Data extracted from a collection
%%

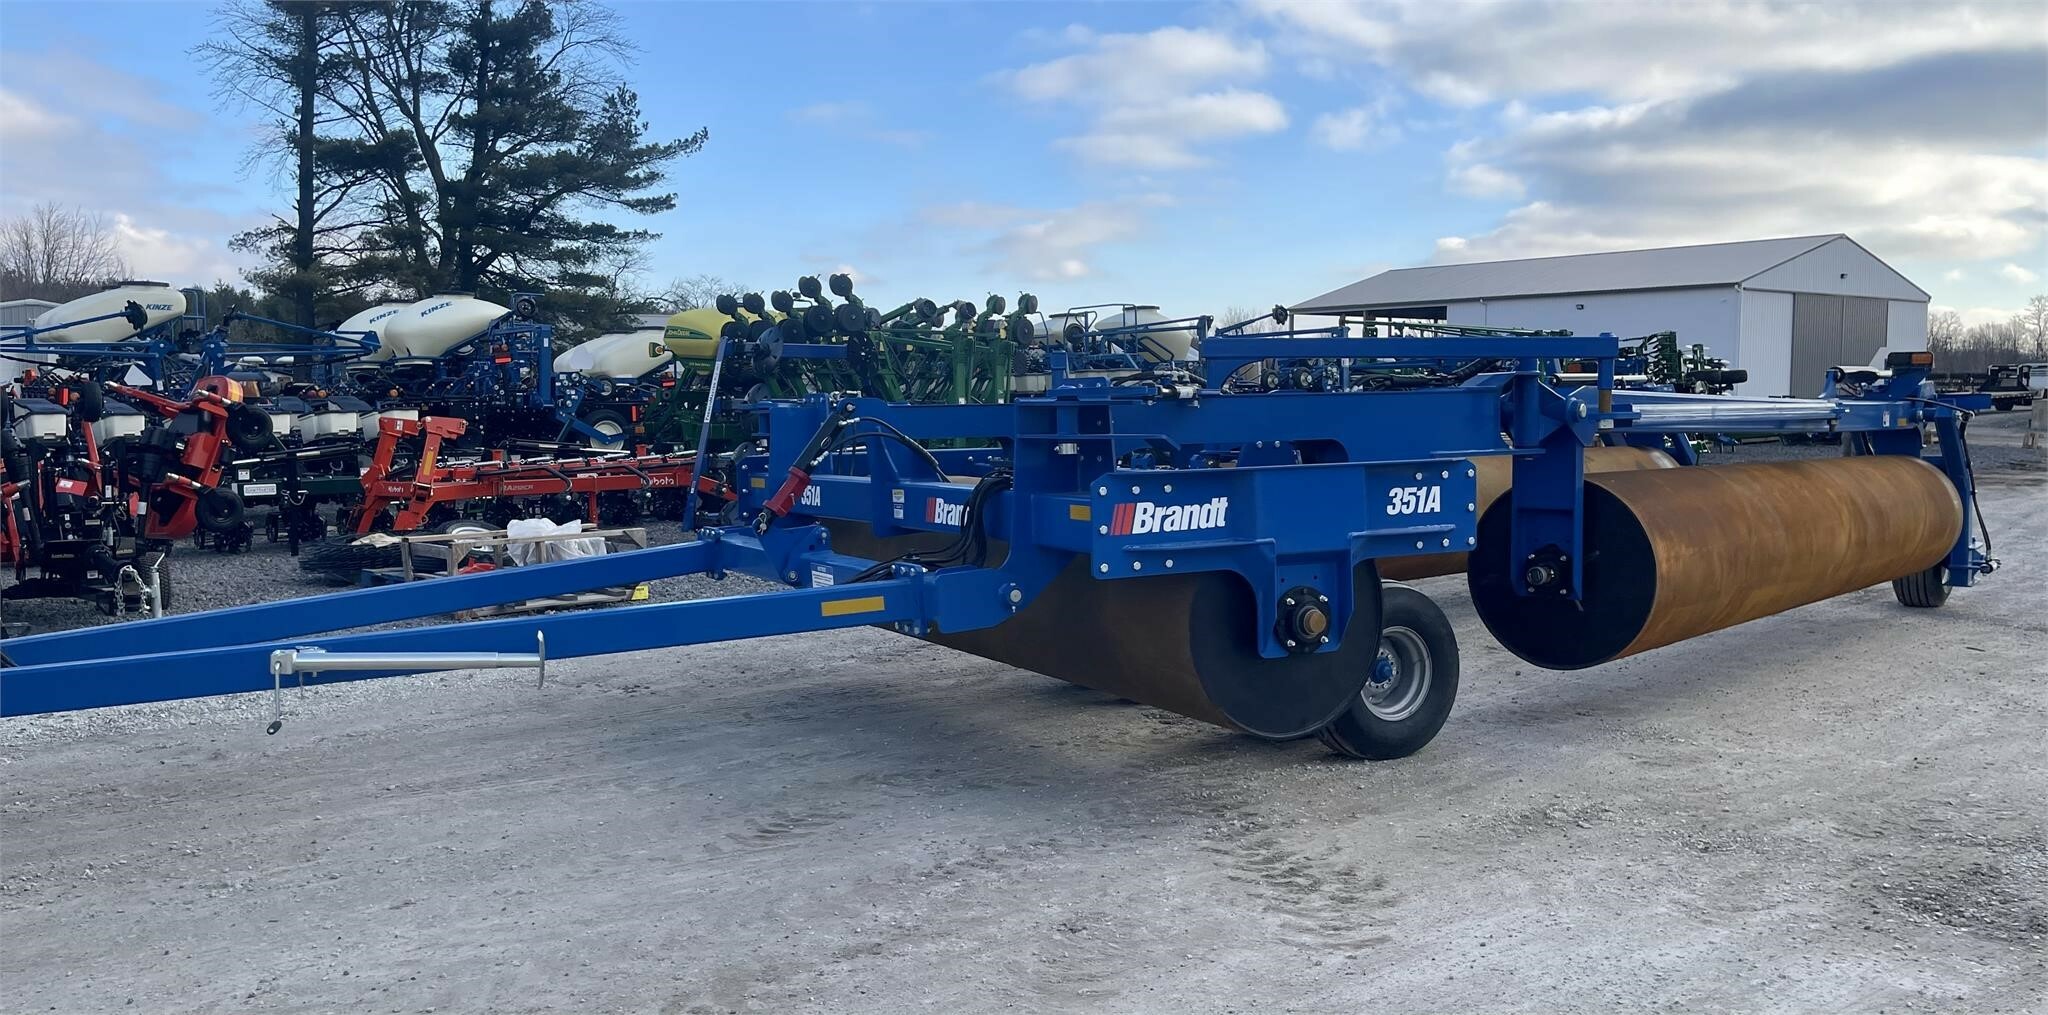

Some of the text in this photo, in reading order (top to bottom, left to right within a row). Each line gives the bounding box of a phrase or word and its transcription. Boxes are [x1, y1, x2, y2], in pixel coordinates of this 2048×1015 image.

[145, 303, 174, 311] KINZE
[369, 309, 400, 324] KINZE
[420, 301, 454, 318] KINZE
[801, 485, 821, 507] 351A
[1386, 485, 1441, 516] 351A
[1132, 497, 1228, 534] Brandt

%%

## [Assignment]
Return the data exactly. Do not carry over any images.

## [Task solution]
Some of the text in this photo, in reading order (top to bottom, left to right within a row). Each line gives the bounding box of a phrase or word and its transcription. Boxes are [x1, y1, x2, y2], in pixel coordinates of this 2048×1015 image.

[145, 303, 174, 311] KINZE
[369, 309, 400, 324] KINZE
[420, 301, 454, 318] KINZE
[801, 485, 821, 507] 351A
[1386, 485, 1441, 516] 351A
[1132, 497, 1228, 534] Brandt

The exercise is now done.